Diseases such as type 2 diabetes, Alzheimer’s and Parkinson’s share as common feature the accumulation of mis-folded disease-specific protein aggregates into fibrillar structures, or plaques. These fibrils may either be toxic by themselves, or act as reservoirs for smaller cytotoxic oligomers. This suggests to investigate molecules as potential therapeutics that either reduce fibril formation or increase fibril stability. One example is rat amylin, which can inhibit aggregation of human amylin, a hallmark of type 2 diabetes. In the present paper, we use molecular dynamics to compare the stability of various preformed aggregates, built out of either human amylin, rat amylin, or mixtures of both. We considered two types of fibril-like oligomers: a single-layer in-register conformation, and a double-layer conformation in which the first U-shaped layer consists of rat amylin and the second layer of human amylin.
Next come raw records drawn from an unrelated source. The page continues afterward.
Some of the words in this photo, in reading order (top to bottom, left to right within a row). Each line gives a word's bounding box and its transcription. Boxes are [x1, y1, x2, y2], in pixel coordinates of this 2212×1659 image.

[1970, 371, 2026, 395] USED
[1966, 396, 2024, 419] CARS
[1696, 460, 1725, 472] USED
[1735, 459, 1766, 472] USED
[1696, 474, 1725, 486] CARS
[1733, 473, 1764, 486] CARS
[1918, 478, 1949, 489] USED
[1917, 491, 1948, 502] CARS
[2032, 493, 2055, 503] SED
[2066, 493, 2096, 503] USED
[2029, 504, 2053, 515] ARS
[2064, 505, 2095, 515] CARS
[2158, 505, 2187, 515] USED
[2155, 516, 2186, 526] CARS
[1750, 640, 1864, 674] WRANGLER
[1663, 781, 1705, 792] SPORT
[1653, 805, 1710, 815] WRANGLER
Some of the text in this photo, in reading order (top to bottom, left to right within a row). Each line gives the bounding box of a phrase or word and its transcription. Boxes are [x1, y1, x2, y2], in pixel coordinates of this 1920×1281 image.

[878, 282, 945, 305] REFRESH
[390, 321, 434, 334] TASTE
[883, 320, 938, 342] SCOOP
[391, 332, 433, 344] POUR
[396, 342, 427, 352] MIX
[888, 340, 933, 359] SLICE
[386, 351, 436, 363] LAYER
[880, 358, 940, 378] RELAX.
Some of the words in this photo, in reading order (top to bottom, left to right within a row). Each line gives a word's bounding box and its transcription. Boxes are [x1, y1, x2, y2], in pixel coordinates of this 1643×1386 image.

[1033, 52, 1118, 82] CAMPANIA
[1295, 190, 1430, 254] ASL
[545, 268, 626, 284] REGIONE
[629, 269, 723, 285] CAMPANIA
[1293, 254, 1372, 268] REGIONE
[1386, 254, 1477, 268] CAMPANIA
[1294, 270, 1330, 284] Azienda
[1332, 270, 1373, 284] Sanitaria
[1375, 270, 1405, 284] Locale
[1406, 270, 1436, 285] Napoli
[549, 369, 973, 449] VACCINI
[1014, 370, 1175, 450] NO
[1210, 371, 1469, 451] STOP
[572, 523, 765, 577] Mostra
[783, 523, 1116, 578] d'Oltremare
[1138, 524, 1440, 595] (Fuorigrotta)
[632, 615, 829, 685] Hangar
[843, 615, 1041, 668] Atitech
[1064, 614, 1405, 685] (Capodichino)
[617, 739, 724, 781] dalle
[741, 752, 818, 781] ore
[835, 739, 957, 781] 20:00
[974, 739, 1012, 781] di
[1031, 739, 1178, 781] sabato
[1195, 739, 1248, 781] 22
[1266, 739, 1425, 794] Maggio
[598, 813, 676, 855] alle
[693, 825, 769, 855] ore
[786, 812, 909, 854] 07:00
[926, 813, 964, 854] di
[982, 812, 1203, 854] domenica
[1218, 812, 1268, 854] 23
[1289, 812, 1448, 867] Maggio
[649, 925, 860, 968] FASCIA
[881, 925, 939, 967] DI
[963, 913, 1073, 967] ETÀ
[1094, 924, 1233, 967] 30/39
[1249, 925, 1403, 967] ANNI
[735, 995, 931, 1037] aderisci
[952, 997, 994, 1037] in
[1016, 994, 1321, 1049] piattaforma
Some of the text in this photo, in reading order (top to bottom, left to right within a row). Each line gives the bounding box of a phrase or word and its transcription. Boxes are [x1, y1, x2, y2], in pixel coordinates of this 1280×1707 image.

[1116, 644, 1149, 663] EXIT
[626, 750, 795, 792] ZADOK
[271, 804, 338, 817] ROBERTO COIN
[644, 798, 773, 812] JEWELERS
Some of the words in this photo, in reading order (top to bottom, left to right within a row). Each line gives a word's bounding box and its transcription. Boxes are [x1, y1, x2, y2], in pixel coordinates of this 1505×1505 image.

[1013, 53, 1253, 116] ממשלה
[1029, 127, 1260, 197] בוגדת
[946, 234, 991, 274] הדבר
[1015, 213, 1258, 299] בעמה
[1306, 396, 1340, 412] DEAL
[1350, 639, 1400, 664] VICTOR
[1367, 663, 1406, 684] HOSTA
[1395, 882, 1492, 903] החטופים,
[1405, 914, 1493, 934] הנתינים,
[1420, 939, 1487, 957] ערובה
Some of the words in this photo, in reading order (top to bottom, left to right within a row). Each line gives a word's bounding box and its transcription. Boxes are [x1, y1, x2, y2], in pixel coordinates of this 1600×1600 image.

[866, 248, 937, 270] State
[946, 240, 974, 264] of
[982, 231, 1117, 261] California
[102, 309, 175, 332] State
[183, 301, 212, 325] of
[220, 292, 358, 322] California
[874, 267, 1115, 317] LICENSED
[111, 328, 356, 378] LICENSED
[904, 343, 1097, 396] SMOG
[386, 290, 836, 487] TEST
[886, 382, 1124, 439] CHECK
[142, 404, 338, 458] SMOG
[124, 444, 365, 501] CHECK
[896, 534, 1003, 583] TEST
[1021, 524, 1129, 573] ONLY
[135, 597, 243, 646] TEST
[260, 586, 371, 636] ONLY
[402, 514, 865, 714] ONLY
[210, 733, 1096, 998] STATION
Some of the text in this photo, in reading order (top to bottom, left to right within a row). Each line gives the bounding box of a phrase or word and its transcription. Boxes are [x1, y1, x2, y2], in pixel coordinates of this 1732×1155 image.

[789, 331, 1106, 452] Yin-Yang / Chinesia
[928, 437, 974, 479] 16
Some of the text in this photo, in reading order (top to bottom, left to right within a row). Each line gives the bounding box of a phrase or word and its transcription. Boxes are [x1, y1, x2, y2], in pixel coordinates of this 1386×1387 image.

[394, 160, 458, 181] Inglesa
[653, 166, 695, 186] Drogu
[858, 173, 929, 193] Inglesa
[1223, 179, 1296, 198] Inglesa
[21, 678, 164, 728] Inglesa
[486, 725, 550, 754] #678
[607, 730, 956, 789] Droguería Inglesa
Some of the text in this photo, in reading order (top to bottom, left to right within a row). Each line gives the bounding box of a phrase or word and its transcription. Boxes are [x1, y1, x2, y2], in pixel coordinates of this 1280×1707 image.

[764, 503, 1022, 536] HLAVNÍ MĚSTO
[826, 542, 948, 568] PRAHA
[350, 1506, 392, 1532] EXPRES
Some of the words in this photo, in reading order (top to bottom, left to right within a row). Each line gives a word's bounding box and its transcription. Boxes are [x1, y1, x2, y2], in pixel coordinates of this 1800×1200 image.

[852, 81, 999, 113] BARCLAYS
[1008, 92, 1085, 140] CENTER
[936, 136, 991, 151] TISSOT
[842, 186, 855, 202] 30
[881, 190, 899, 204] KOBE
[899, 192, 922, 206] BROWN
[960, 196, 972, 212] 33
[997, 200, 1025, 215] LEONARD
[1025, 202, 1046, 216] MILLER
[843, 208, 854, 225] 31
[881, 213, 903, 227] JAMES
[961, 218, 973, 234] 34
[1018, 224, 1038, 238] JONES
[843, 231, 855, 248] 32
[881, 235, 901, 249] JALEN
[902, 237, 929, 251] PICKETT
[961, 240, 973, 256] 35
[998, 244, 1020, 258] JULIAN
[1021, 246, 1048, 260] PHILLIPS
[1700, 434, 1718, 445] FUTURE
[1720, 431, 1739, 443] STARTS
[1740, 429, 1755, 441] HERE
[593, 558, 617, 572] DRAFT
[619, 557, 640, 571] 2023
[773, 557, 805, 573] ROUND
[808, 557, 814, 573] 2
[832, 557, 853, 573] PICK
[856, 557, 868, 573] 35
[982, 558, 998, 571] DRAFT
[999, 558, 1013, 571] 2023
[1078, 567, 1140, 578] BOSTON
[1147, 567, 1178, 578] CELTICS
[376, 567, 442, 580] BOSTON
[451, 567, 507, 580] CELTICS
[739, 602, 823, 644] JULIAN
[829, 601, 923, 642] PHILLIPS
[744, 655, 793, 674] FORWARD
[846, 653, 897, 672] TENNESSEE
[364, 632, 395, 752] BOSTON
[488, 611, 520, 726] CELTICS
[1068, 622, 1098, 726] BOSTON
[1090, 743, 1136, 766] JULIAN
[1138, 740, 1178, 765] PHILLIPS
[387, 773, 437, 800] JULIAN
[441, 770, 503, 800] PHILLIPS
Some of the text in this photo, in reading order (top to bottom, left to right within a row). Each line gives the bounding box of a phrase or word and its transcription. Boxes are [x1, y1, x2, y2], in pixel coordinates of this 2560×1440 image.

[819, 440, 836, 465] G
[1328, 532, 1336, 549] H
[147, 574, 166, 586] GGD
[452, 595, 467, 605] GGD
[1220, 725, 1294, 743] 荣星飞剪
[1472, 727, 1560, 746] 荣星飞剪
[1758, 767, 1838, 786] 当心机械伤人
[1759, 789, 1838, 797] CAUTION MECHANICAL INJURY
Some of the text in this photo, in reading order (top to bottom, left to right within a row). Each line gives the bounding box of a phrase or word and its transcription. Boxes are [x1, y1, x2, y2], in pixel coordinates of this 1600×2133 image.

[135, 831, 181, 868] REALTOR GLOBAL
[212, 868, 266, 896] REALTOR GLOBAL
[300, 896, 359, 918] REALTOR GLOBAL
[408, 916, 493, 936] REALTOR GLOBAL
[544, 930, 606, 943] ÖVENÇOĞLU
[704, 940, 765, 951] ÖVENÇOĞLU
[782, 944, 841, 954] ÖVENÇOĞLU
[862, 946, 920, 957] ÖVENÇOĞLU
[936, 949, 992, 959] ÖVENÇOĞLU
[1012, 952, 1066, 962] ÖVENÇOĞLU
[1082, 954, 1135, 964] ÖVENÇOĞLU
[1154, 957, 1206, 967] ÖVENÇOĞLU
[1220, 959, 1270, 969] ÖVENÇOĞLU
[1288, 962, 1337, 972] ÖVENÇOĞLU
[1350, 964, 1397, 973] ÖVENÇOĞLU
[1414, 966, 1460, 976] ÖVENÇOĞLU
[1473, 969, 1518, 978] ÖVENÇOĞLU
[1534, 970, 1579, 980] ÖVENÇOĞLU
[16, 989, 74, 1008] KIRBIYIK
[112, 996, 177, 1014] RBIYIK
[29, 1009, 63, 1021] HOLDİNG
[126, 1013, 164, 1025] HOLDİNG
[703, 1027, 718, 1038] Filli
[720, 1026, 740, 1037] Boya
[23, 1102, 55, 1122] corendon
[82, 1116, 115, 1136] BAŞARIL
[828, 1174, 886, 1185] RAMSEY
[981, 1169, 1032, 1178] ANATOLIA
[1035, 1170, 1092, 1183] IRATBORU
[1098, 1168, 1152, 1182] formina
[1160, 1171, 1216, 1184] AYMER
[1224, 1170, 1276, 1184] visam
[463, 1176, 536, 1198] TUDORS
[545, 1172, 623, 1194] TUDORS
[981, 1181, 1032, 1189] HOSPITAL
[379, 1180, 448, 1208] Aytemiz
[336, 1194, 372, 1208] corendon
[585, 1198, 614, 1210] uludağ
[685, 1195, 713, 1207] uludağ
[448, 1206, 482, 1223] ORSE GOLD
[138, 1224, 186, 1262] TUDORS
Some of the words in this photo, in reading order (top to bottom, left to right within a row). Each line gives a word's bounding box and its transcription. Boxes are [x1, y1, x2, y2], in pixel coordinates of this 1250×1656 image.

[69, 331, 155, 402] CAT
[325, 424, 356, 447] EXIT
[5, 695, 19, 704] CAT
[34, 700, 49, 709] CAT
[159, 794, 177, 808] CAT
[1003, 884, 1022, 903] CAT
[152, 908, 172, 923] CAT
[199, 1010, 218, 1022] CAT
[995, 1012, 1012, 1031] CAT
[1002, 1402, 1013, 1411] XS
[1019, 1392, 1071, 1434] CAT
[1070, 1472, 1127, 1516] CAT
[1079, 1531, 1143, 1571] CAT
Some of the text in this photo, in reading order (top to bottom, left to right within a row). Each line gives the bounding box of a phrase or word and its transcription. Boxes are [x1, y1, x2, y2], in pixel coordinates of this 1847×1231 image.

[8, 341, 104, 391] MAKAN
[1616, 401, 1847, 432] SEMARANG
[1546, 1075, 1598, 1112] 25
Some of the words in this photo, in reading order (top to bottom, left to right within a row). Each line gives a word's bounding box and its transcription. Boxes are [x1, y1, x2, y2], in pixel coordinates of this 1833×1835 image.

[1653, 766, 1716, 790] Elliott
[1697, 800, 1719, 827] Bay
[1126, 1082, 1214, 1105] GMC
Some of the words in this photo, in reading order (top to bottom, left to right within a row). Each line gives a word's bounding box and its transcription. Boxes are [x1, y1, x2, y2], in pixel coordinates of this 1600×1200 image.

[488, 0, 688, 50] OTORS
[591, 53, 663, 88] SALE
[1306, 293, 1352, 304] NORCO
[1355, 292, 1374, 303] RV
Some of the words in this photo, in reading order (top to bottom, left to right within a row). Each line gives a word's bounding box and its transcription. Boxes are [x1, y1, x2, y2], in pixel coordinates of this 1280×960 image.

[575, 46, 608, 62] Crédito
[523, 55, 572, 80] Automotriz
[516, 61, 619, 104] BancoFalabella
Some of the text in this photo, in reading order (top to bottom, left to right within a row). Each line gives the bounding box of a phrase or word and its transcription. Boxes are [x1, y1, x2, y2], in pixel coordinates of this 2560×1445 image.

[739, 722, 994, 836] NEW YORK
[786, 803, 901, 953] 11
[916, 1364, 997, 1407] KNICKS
Our results explain the weak amyloid-inhibiting properties of rat amylin and suggest that membrane leakage due to pore formation is responsible for the toxicity of rat amylin observed in a recent experiment. Together, our results put in question the use of rat amylin or the similar FDA approved drug pramlintide as an inhibitor of human amylin aggregation. They also point to mixed human-rat amylin fibril-like oligomers as possible model-systems for studies of amyloid formation that involve cross-species transmission.

Highlights

  • In human amyloid diseases, protein mis-folding triggers the formation of amyloid oligomers and fibers that can cause cell death leading to either localized or systemic organ failure [1]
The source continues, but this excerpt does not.